Dados do Trabalho

Name: 57º Congresso da Sociedade Brasileira de Medicina Tropical
Start: 2022-11-13
End: 2022-11-16
Location: Hangar Centro de Convenções e Feiras da Amazônia

Título

EFFECTS OF SERINE PROTEASE INHIBITOR N-TOSYL-L-PHENYLALANINE CHLOROMETHYL KETONE (TPCK) ON LEISHMANIA AMAZONENSIS

Introdução

Leishmaniasis chemotherapy exhibit different limitations and to search new compounds with leishmanicidal activity is very important.

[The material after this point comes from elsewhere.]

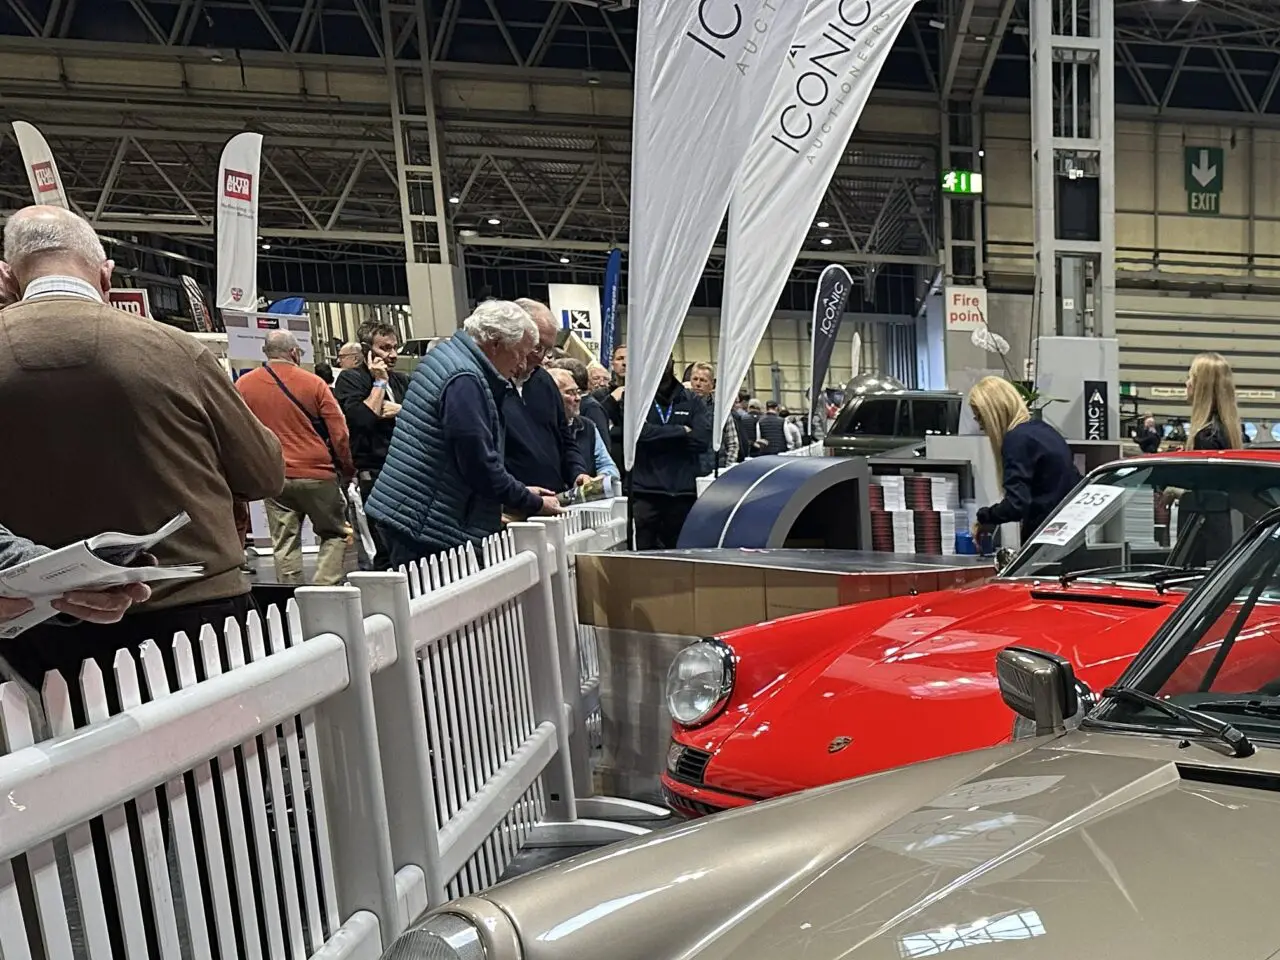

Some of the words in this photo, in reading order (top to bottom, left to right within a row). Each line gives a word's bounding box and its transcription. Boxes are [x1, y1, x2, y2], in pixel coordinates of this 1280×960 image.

Serine proteases are involved in the pathogenesis of different parasites, including Leishmania.

Objetivo(s)

Evaluate the in vitro and in vivo effects of a serine protease inhibitor (TPCK), against Leishmania amazonensis.

Material e Métodos

The anti-promastigote effect and the toxicity on macrophages were determined by MTT colorimetric method. The anti-amastigote activity was analyzed by counting intracellular parasites after Giemsa staining. Stains with H2DCFDA and Nile Red were performed on L. amazonensis promastigotes treated with TPCK to determine the occurrence of oxidative stress and to evaluate the lipid content of the parasites, respectively. Transmission electron microscopy (TEM) was used to determine TPCK-induced ultracellular changes on intracellular amastigotes. The in vivo effect of TPCK was determined in BALB/c mice infected with L. amazonensis and treated for a total of 10 doses of 45 and 60 mg/kg intraperitoneally. In vivo toxicity was evaluated by determination of creatinine, AST (aspartate aminotransferase), and ALT (alanine aminotransferase) levels in the serum of L. amazonensi-infected BALB/c and treated with TPCK, using laboratory kits colorimetric kinetic test.

Resultados e Conclusão

TPCK exhibited low toxicity against mammalian cells (CC50 138.8 µM) and was active against L. amazonensis promastigotes (IC50 = 14.6 µM) and intracellular amastigotes (IC50 values = 14.2µM), displaying selectivity for parasite when compared to host cells (selectivity index close to 10). L. amazonensis promastigotes treated with TPCK presented oxidative stress and reduction of lipids content. Analyzes by TEM revealed the presence of large cytoplasmic vacuoles inside intracellular amastigotes treated with TPCK and some vacuoles containing a membranous profile or electron dense material. BALB/c mice infected with L. amazonensis and treated with TPCK had a reduction in lesion size and parasite loads in the footpad and spleen. TPCK did not altered creatinine, AST and ALT levels in the serum of infected animals. This work highlights effects TPCK against L. amazonensis and confirms the importance of serine proteases as drug targets in Leishmania spp.